I am working on a large project which uses a logger for debugging. Since I like to keep a trace of what's happening in some CUDA kernels, I tried to find a way to redirect the printf
of my CUDA kernels to a stringstream
(or any stream), which can then be forwarded to the logger.
I managed to do it by using the following code:
#include <cuda.h>
#include <stdio.h>
#include <unistd.h> // dup
#include <iostream>
#include <sstream> // stringstream
#include <fstream> // ofstream
char* output_file = "printf_redirect.log";
__global__ void printf_redirect(int* src, int* res)
{
res[threadIdx.x] = threadIdx.x;
printf(" %i: Hello World!\n", res[threadIdx.x]);
}
int main()
{
using namespace std;
const uint N = 2;
// Note: dummy arrays are not actually used, but this should prevent the
// compiler from discarding the printf in the kernel.

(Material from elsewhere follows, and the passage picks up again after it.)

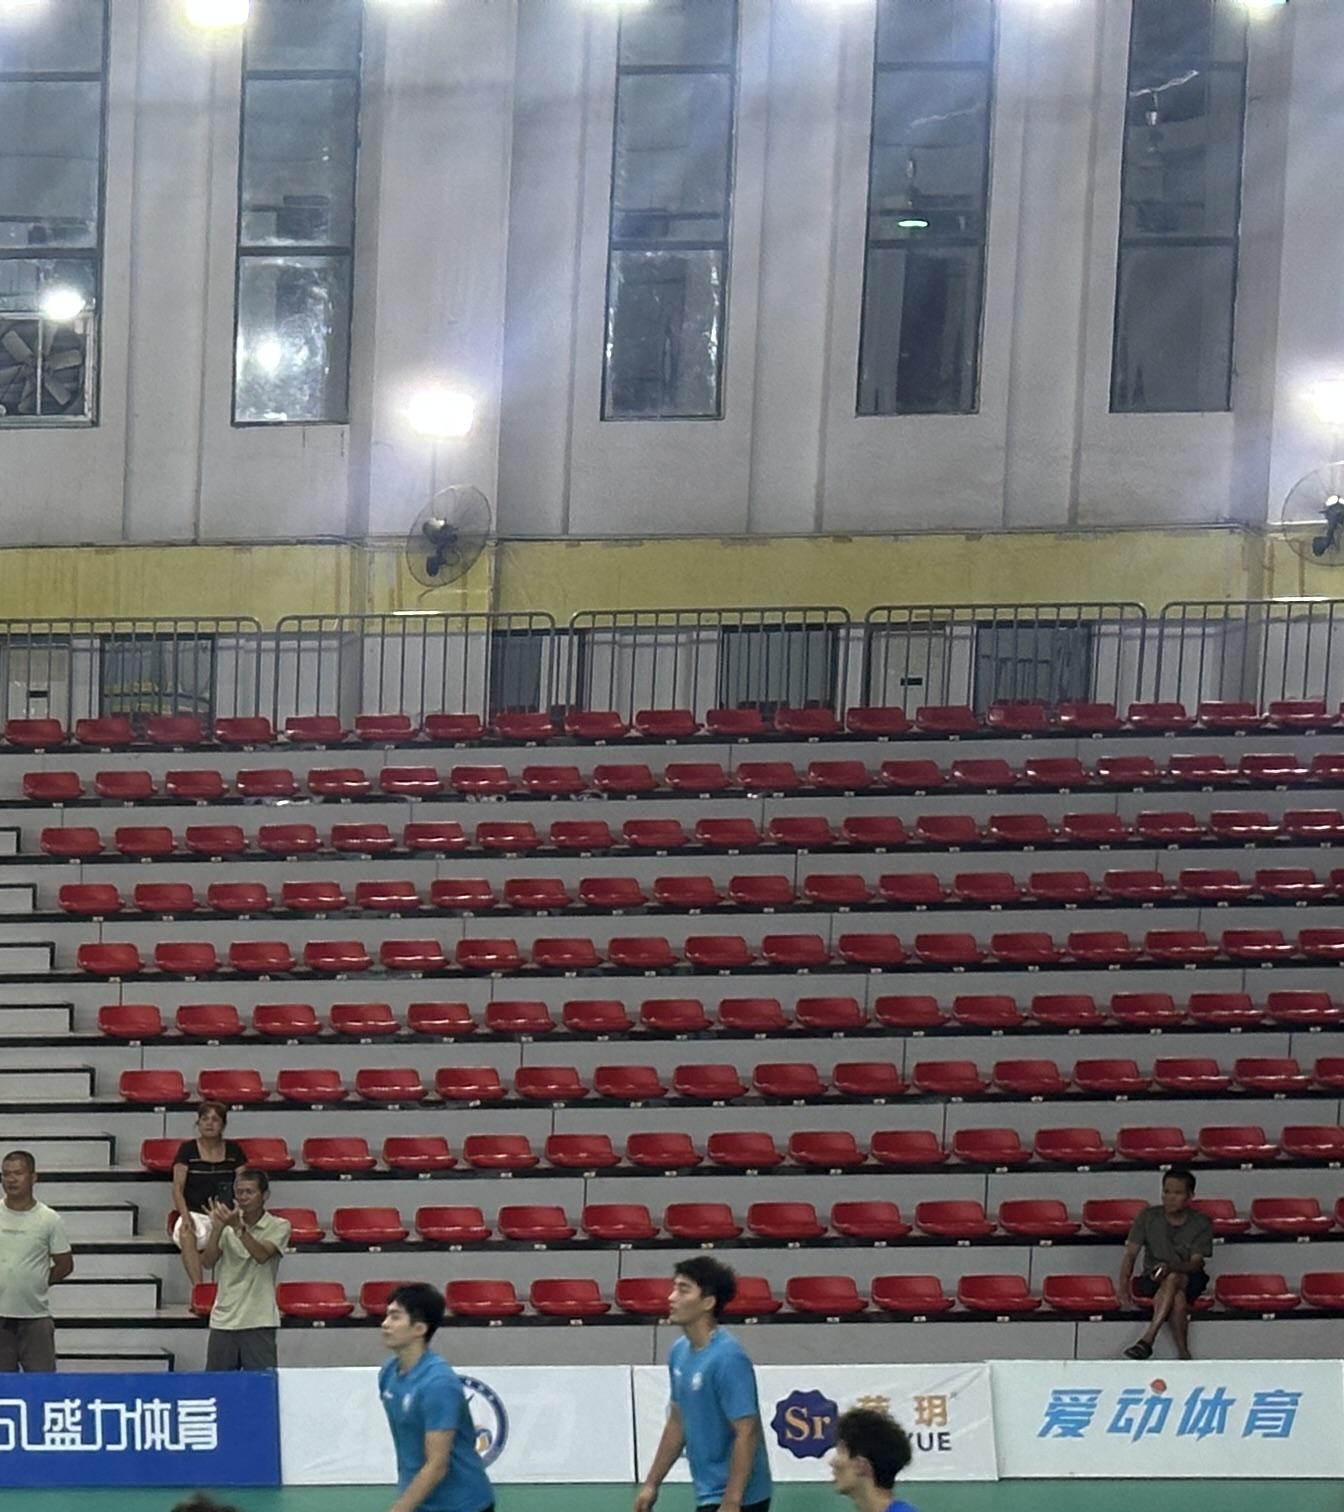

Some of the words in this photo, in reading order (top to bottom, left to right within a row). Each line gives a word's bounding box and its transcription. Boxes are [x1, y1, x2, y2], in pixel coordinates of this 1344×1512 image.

int *d_A, *d_B, *h_A, *h_B;
size_t size = N * sizeof (int);
cudaMalloc (&d_A, size);
cudaMalloc (&d_B, size);
h_A = (int*) malloc (size);
h_B = (int*) malloc (size);
cudaMemcpy (d_A, h_A, size, cudaMemcpyHostToDevice);
std::cout << "std::cout - start" << std::endl;
printf ("stdout - start\n");
/// REGULAR PRINT
// Print to regular stdout
std::cout << "Output to stdout:" << std::endl;
printf_redirect<<<1,1>>> (d_A, d_B);
cudaDeviceSynchronize ();
/// REDIRECTION TO STRINGSTREAM
std::stringstream ss;
// Redirect std::cout to a stringstream
std::streambuf* backup_cout = std::cout.rdbuf ();
std::cout.rdbuf (ss.rdbuf ());
// Redirect stdout to a buffer
char buf[1024] = "";
int backup_stdout = dup (fileno (stdout));
freopen ("/dev/null", "w", stdout);
setbuf (stdout, buf);
std::cout << "Redirected output:" << std::endl;
printf_redirect<<<1,N>>> (d_A, d_B);
cudaDeviceSynchronize ();
// Add CUDA buffer to a stringstream
ss << buf;
// Write stringstream to file
std::ofstream outFile;
outFile.open (output_file);
outFile << ss.str ();
outFile.close ();
/// RESET REDIRECTION
// Redirect back to initial stdout
fflush (stdout);
setbuf (stdout, NULL);
fclose (stdout);
FILE *fp = fdopen (backup_stdout, "w");
fclose (stdout);
*stdout = *fp;
// Redirect back to initial std::cout
std::cout.rdbuf (backup_cout);
std::cout << "std::cout - end" << std::endl;
printf ("stdout - end\n");
cudaMemcpy(h_B, d_B, size, cudaMemcpyDeviceToHost);
cudaFree(d_A);
cudaFree(d_B);
free (h_A);
free (h_B);
}
I used the following questions to achieve this:
Running the program, we get in the console:
std::cout - start
stdout - start
Output to stdout:
0: Hello World!
std::cout - end
stdout - end
And in printf_redirect.log
:
Redirected output:
0: Hello World!
1: Hello World!
Is there any easier way to achieve this? (e.g. hidden CUDA option or neat C/C++ trick)
Note that the final solution will end up in a utility class to make this less verbose in the actual code.
Device side printf()
causes implicit serialization of the threads that are printing so you probably wouldn't want to use it in production code.
Device side printf()
works by having the kernel copy messages to a preallocated ring buffer. Upon implicit or explit device synchronization (cudaDeviceSynchronize()), CUDA dumps any contents in the buffer to stdout
and then clears it.
You could simply implement your own device printf()
. Its performance would probably not be any worse than the built in one. The only disadvantage is that you would have to pass the ring buffer to the kernel and add a call to process it after the kernel returns.
Implementation would be something like this:
Create a buffer with room for a fixed numer of printf()
formatting strings and associated 32-bit or 64-bit parameters.
Create a device function that uses atomicInc()
to keep track of the current print location and takes a formatting string and parameters and copies them into the current location.
Pass the ring buffer to the kernel, which then passes it to the device function together with the print parameters.
Create a host function that takes the ring buffer, runs the formatting strings and parameters through host side sprintf()
and passes the results to the logger.